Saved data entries
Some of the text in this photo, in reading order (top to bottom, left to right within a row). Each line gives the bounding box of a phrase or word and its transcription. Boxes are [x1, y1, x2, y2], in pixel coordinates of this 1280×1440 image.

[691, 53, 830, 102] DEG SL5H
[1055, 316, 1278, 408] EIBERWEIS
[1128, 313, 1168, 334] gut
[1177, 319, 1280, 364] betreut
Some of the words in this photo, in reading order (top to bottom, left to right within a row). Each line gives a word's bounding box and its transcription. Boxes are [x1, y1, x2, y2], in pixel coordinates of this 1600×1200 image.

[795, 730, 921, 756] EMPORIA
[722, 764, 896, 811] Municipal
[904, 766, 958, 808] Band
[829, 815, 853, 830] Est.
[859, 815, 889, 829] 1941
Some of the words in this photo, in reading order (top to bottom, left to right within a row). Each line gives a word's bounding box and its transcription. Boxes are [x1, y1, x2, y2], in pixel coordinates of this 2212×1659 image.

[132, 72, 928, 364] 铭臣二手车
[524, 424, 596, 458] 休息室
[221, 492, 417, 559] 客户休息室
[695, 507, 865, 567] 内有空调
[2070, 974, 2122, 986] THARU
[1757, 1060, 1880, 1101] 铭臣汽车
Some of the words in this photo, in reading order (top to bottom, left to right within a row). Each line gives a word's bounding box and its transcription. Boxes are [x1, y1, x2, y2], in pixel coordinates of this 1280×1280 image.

WHAT YOU HAVE TO DO:
Emit only the final stretch of the records: the line containing "this 2212×1659 image." through the end, each line exactly as it stands.

EXERCISE SOLUTION:
Some of the words in this photo, in reading order (top to bottom, left to right within a row). Each line gives a word's bounding box and its transcription. Boxes are [x1, y1, x2, y2], in pixel coordinates of this 2212×1659 image.

[132, 72, 928, 364] 铭臣二手车
[524, 424, 596, 458] 休息室
[221, 492, 417, 559] 客户休息室
[695, 507, 865, 567] 内有空调
[2070, 974, 2122, 986] THARU
[1757, 1060, 1880, 1101] 铭臣汽车
Some of the words in this photo, in reading order (top to bottom, left to right within a row). Each line gives a word's bounding box and its transcription. Boxes are [x1, y1, x2, y2], in pixel coordinates of this 1280×1280 image.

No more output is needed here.